### Your assignment
Set down every entry exactly as given. Pictures are to be left out.

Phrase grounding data
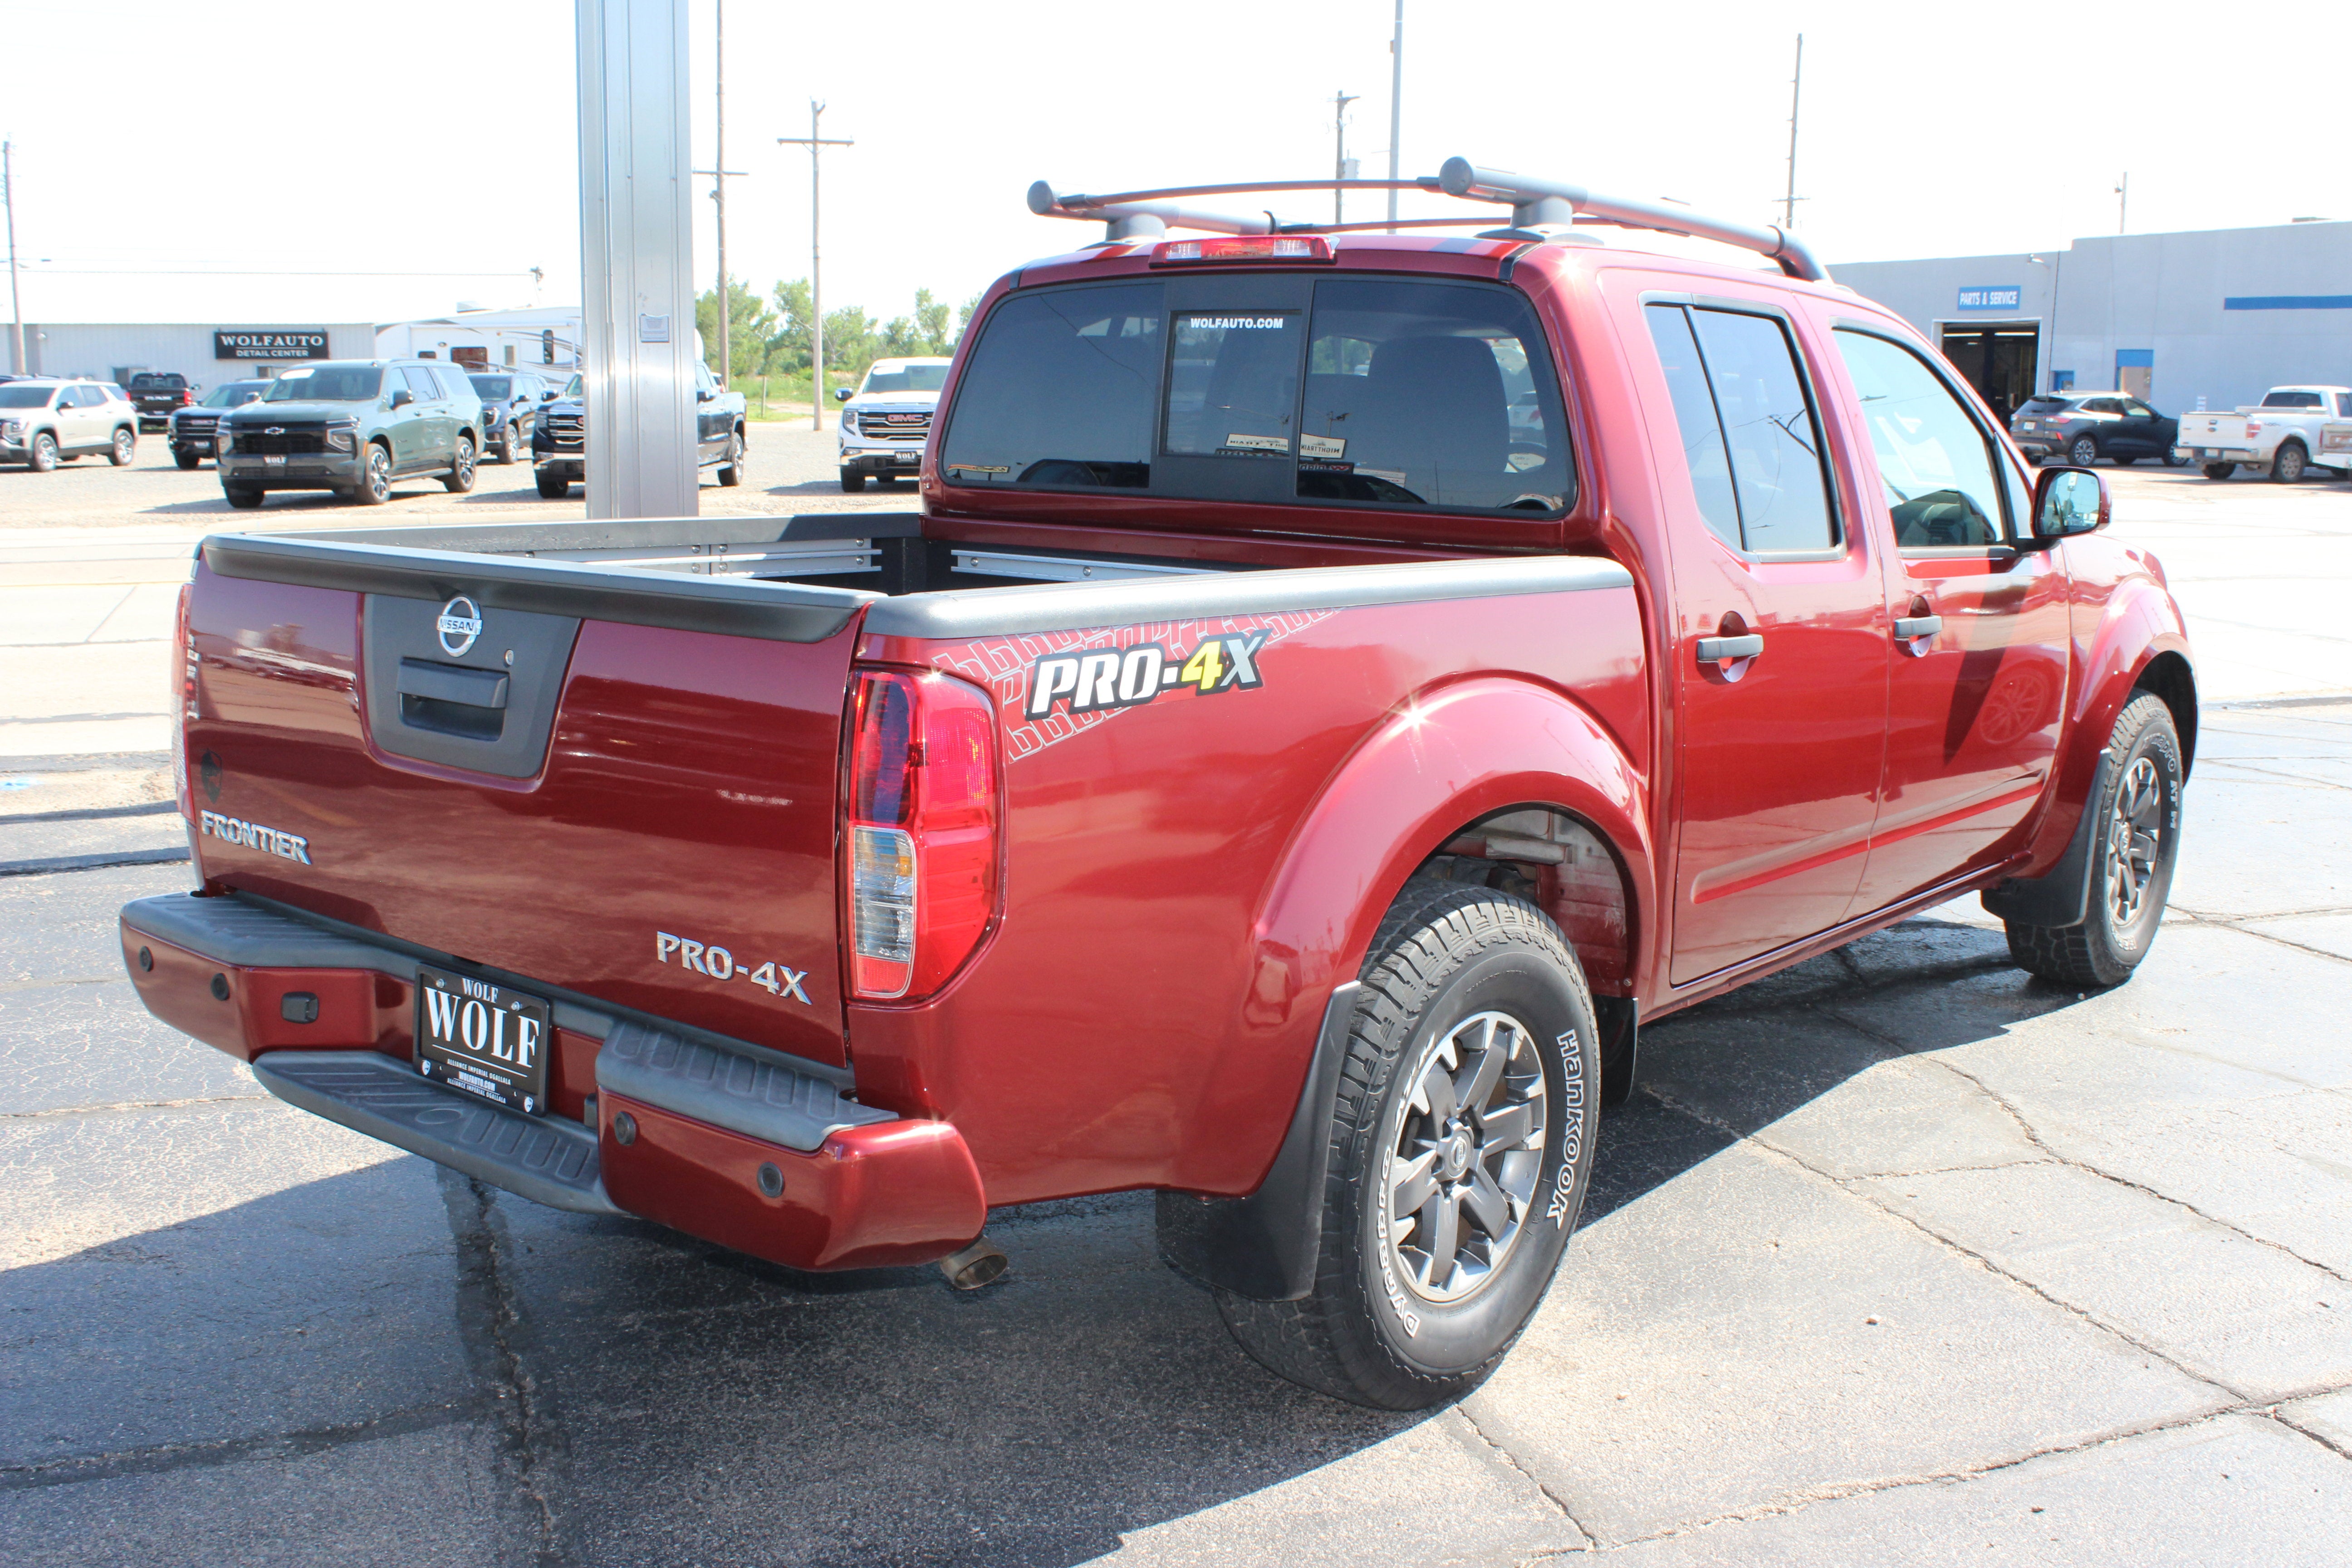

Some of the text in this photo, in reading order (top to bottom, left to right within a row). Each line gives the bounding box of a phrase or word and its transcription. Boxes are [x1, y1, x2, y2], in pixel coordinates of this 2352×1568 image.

[1960, 291, 2018, 305] PARTS & SERVICE
[1191, 318, 1284, 329] WOLFAUTO.COM
[220, 335, 324, 347] WOLFAUTO
[887, 414, 924, 422] GMC
[440, 618, 475, 632] NISSAN
[1029, 634, 1264, 716] PRO-4X
[201, 809, 312, 865] FRONTIER
[656, 931, 813, 1005] PRO-4X
[462, 977, 499, 1004] WOLF
[424, 986, 540, 1068] WOLF
[447, 1058, 511, 1085] ALLIANCE IMPERIAL OGALLALA
[458, 1071, 496, 1092] WOLFAUTO.COM
[447, 1078, 506, 1104] ALLIANCE IMPERIAL OGALLALA
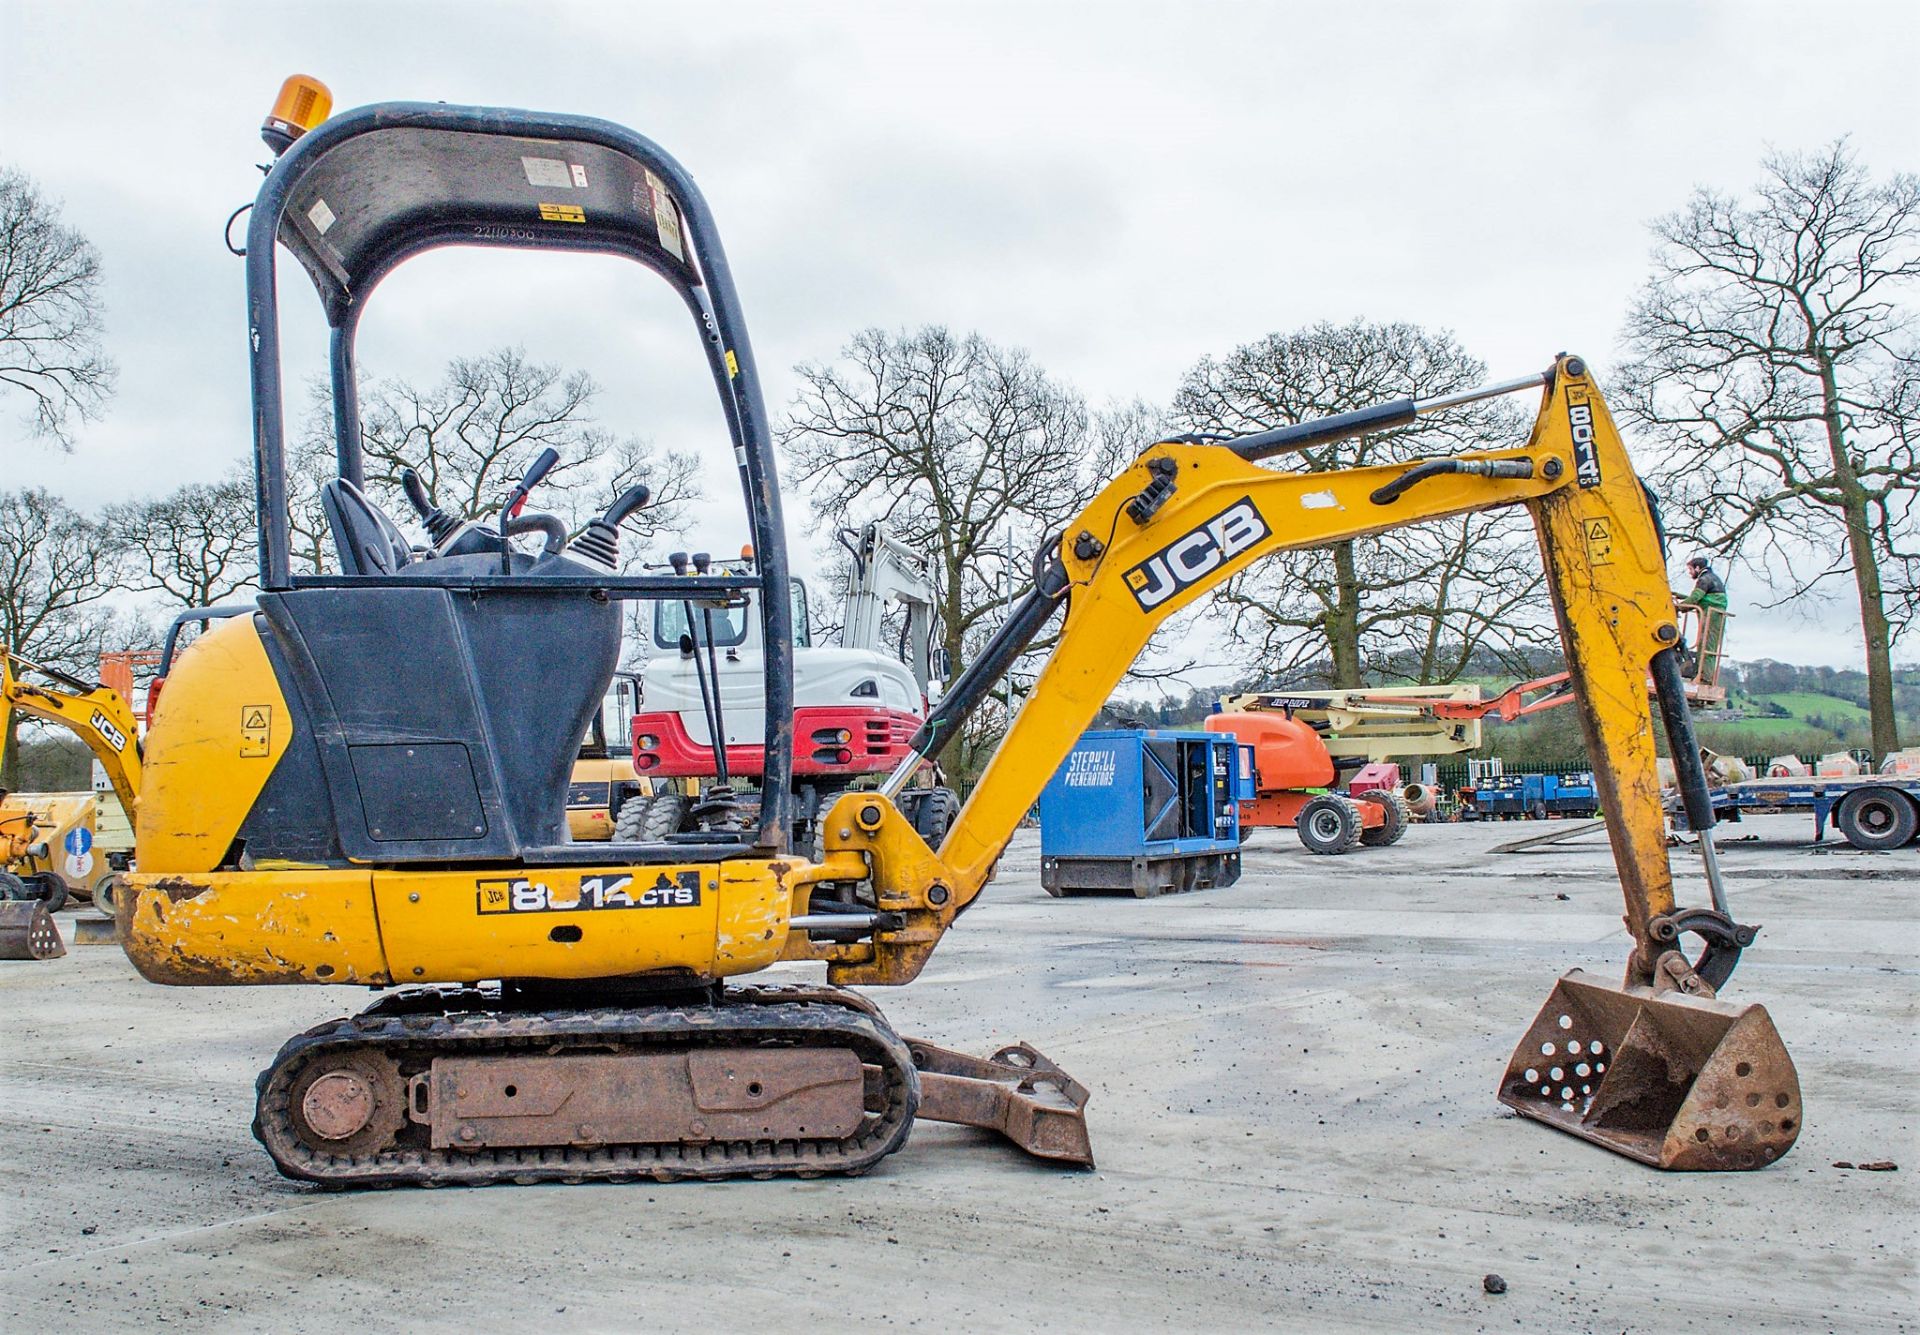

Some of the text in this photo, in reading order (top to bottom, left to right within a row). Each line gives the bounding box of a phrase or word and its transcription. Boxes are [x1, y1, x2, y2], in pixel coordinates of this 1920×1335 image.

### Your response
Some of the text in this photo, in reading order (top to bottom, left to right within a row). Each line gives the bounding box of a phrase or word and its transcription. Boxes are [x1, y1, x2, y2], in pixel coordinates of this 2352×1568 image.

[1960, 291, 2018, 305] PARTS & SERVICE
[1191, 318, 1284, 329] WOLFAUTO.COM
[220, 335, 324, 347] WOLFAUTO
[887, 414, 924, 422] GMC
[440, 618, 475, 632] NISSAN
[1029, 634, 1264, 716] PRO-4X
[201, 809, 312, 865] FRONTIER
[656, 931, 813, 1005] PRO-4X
[462, 977, 499, 1004] WOLF
[424, 986, 540, 1068] WOLF
[447, 1058, 511, 1085] ALLIANCE IMPERIAL OGALLALA
[458, 1071, 496, 1092] WOLFAUTO.COM
[447, 1078, 506, 1104] ALLIANCE IMPERIAL OGALLALA

Some of the text in this photo, in reading order (top to bottom, left to right within a row). Each line gives the bounding box of a phrase or word and its transcription. Boxes are [x1, y1, x2, y2], in pixel coordinates of this 1920×1335 image.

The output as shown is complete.